Two months ago I shared a story about the impact Lyme disease has had on my life and work for the past four years.
In your responses to that post, I heard you loud and clear: Keep saying the things no one else dares to say.
Your comments struck such a deep chord within me that I made a commitment to myself—a commitment to you, really—to dig deeper and keep sharing the things that others don’t dare to share so honestly.
Yet I simultaneously felt stumped as to what to write. I’m not trying to hide anything or hold back. I have had a hard time knowing what is worth writing about, what will resonate with you, and what will help you on your journey.
Unable to solve this conundrum from an intellectual space, I set an intention and a date.
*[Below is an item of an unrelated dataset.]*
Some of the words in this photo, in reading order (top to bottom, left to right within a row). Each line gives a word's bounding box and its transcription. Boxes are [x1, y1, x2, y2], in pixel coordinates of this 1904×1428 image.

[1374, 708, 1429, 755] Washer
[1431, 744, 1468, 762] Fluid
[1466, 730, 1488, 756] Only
My intention was to find the right story to share by today’s date, the date I wanted the next truth-telling post to go live.
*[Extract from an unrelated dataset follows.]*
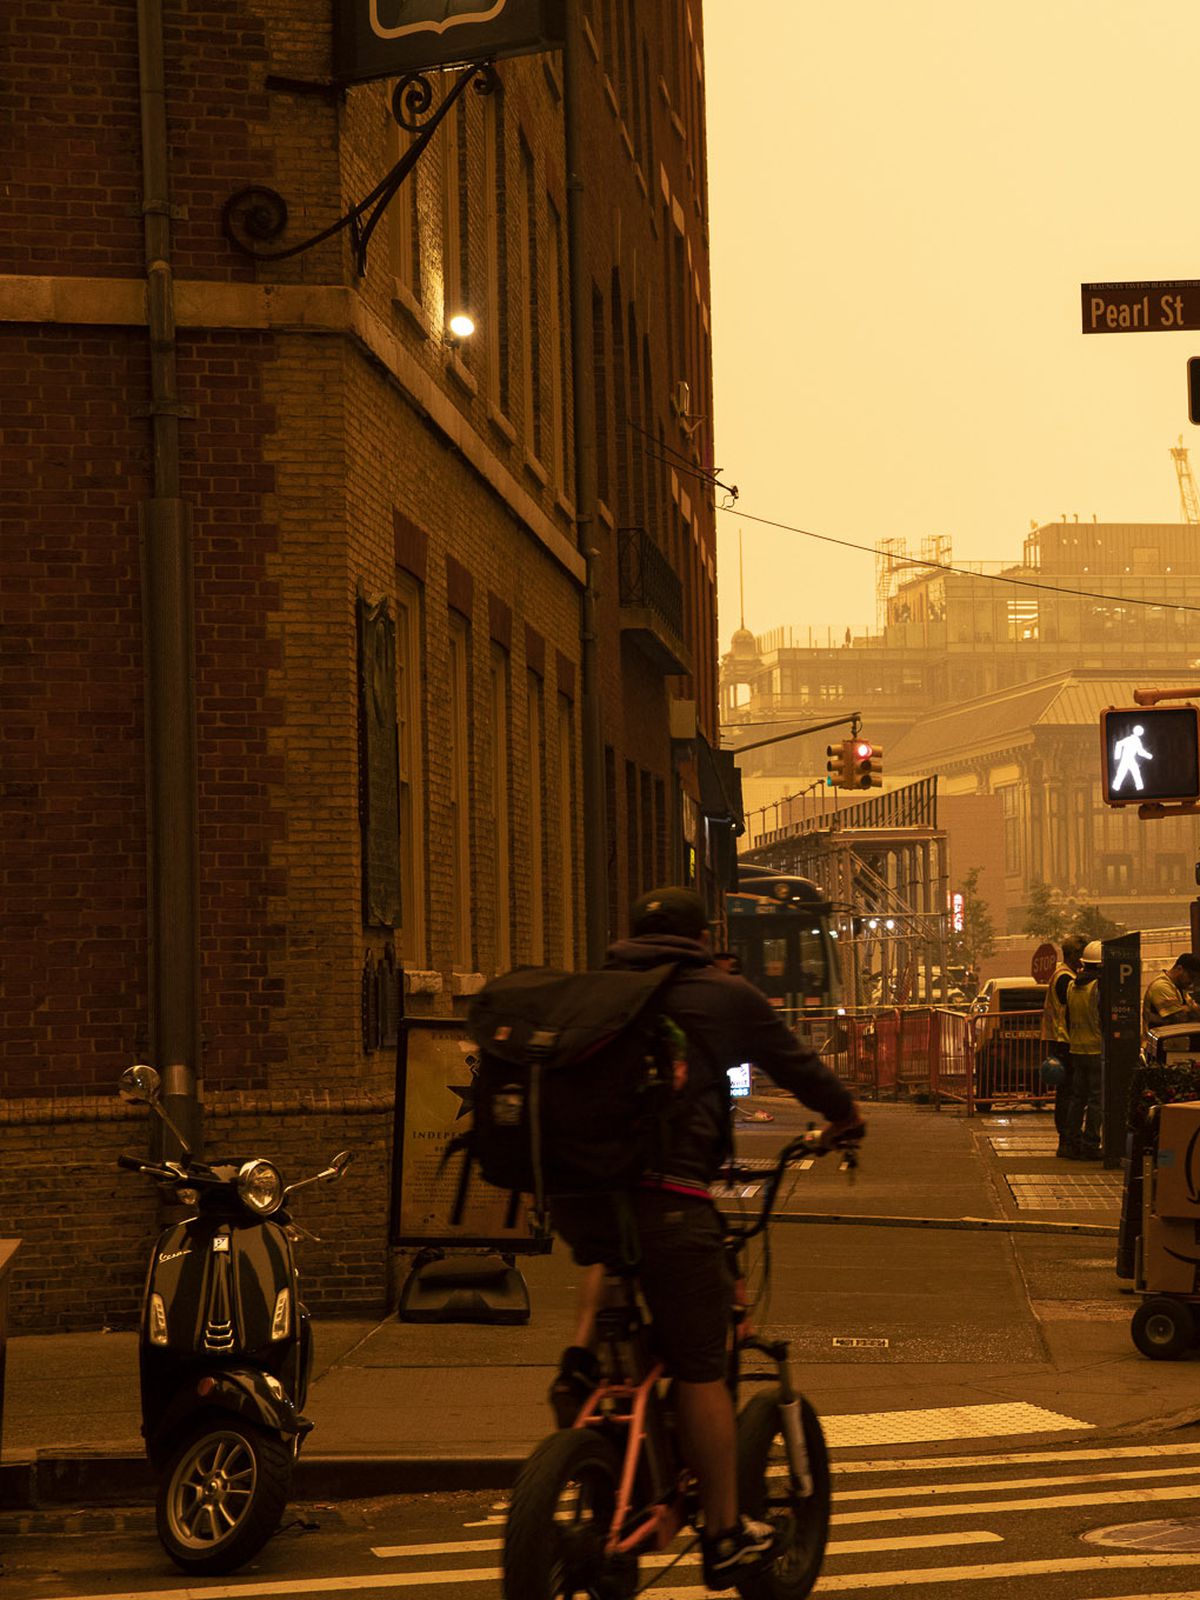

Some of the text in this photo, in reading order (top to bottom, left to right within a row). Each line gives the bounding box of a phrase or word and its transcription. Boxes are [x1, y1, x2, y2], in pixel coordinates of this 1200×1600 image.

[1091, 295, 1185, 328] Pearl St
[1033, 954, 1056, 974] STOP
[1120, 964, 1133, 985] P
And that’s how today’s post came about.
It’s another personal story that felt right to share with you. (I’m even letting you in on some of the conversations I have with myself in my head!)
So here goes…
I Woke up in a Total Panic
Just over a month ago, around 2 o’clock in the morning, I woke up in a total panic. Adrenaline rushing through my system, fear flooding my brain, and anxiety knotting up my stomach, I went from dead asleep to a hot mess in a mere second.
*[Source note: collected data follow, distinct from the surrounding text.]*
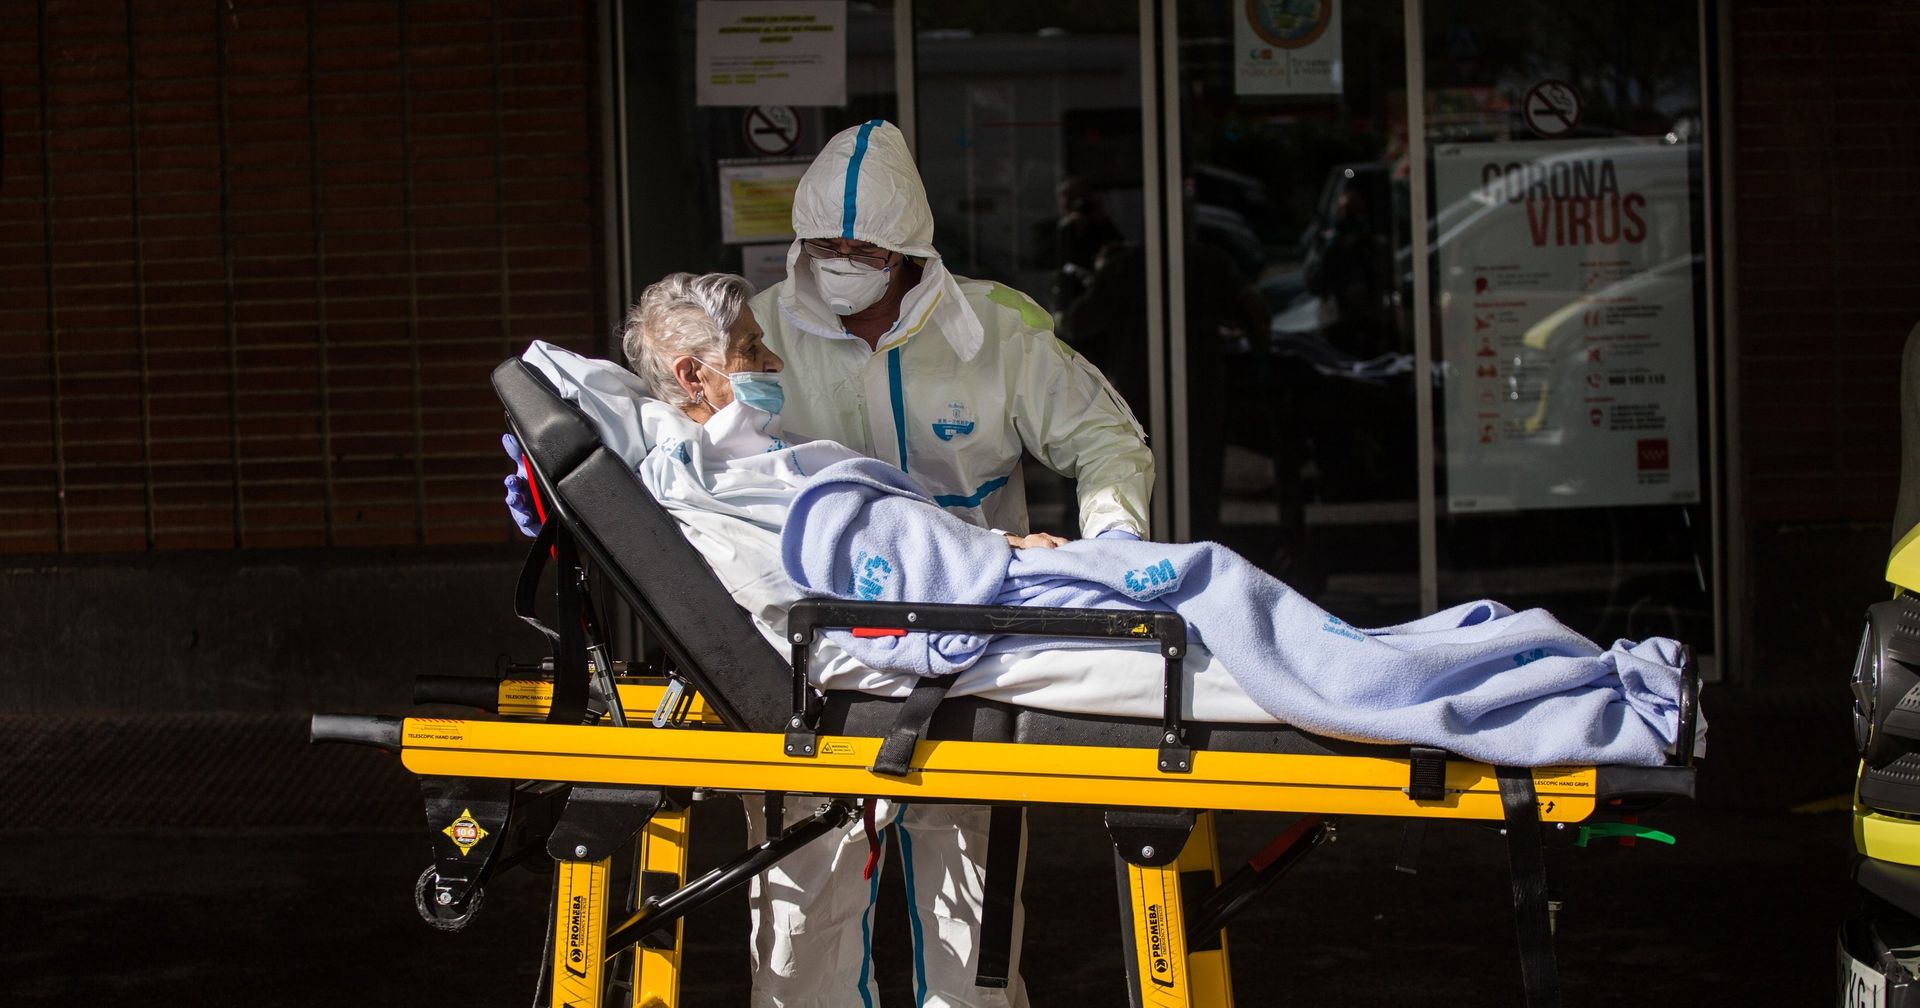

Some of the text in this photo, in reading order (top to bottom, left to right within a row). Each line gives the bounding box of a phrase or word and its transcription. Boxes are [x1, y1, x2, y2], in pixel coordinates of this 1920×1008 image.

[1481, 159, 1620, 204] CORONA
[1526, 192, 1647, 247] VIRUS
[455, 828, 466, 836] 10
[570, 895, 581, 948] PROMEBA
[1148, 904, 1160, 958] PROMEBA
This is not a normal occurrence for me. In fact, I can’t remember the last time it happened.
I tried desperately to calm my harried brain and fall back to sleep but had no such luck.
I tossed and turned, tried to calm my fears, and did everything I thought might help — but I stayed very awake.
On top of the stress, my body ached, so no matter what I tried, I couldn’t fall back to sleep. My brain and body couldn’t relax enough for me to drift off.
For four hours, I was on a stress rollercoaster, sometimes half-falling asleep, sometimes overwhelmed with physical pain, other times knotted in a ball of anxiety. It was a rough night.
When my husband woke up the next morning, all I could do was look at him and say, “I’m so sorry.” I knew I had woken him up countless times throughout the night and he hadn’t slept well either.
His response, with love and concern: “What happened?”
“I have no idea. I woke up in a panic about something that really wasn’t worth panicking about. It had me up half the night, though.”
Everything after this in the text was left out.